- _TASK REQUIREMENTS_:
Every record below is to be restated word for word, and no picture is to be copied.

- _EXTRACTED DATA_:

┄┄┄┄┄┄

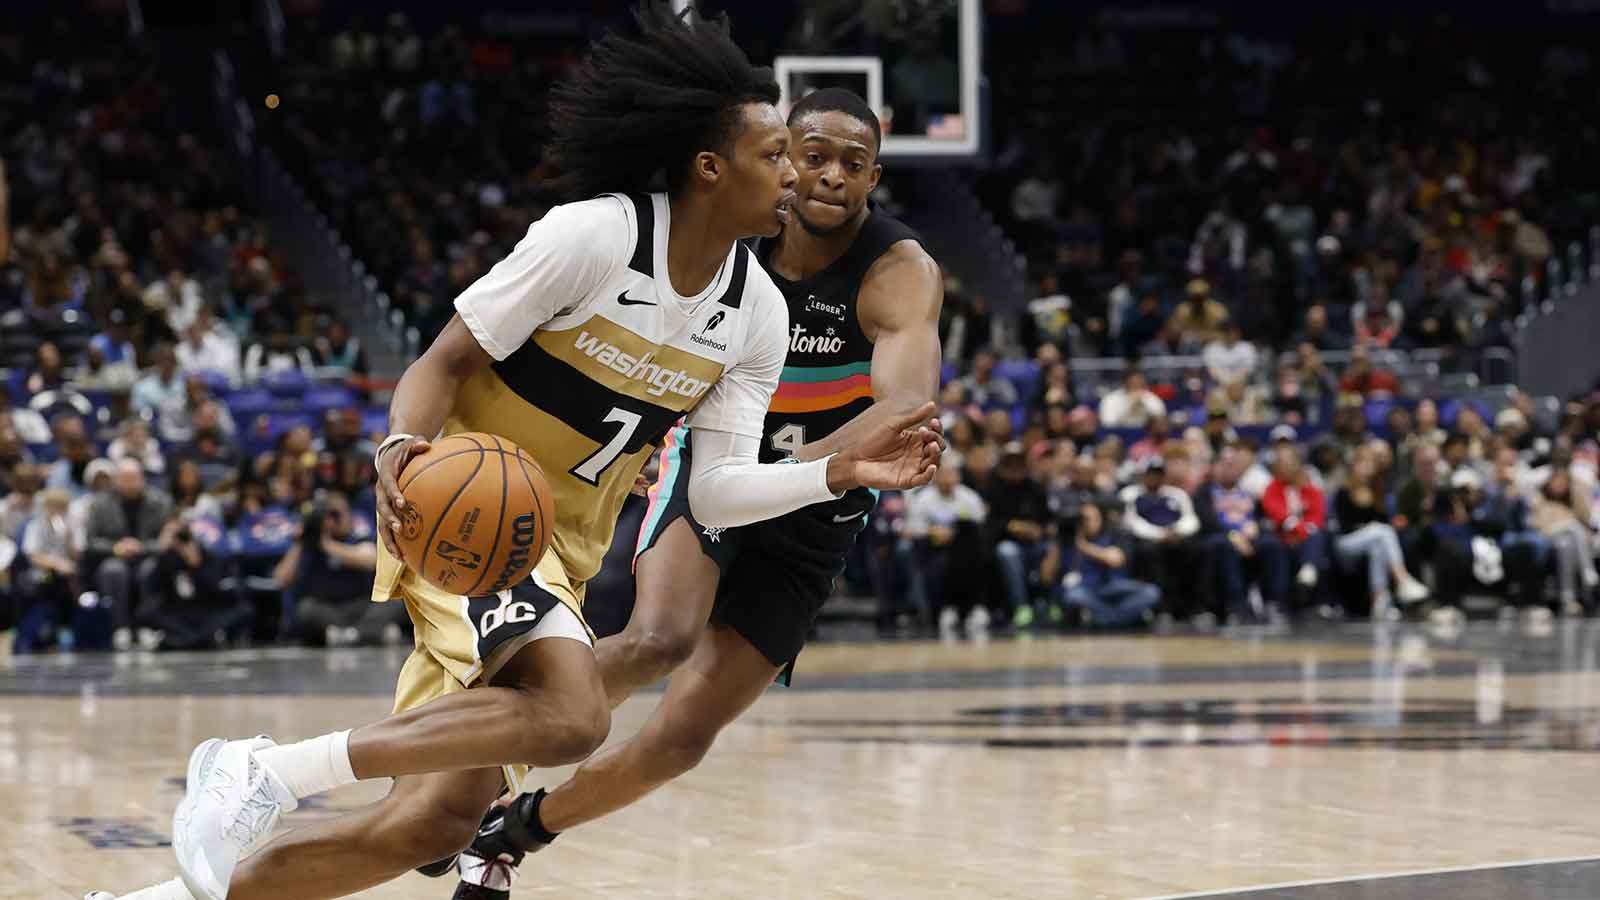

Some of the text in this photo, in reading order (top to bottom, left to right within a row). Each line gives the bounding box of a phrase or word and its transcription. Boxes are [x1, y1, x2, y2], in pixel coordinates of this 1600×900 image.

[810, 299, 842, 316] LEDGER
[690, 333, 727, 352] Robinhood
[787, 323, 846, 353] tonio
[570, 405, 643, 485] 7
[769, 422, 806, 456] 4

┄┄┄┄┄┄

- _TASK RESULT_:
Some of the text in this photo, in reading order (top to bottom, left to right within a row). Each line gives the bounding box of a phrase or word and its transcription. Boxes are [x1, y1, x2, y2], in pixel coordinates of this 1600×900 image.

[810, 299, 842, 316] LEDGER
[690, 333, 727, 352] Robinhood
[787, 323, 846, 353] tonio
[570, 405, 643, 485] 7
[769, 422, 806, 456] 4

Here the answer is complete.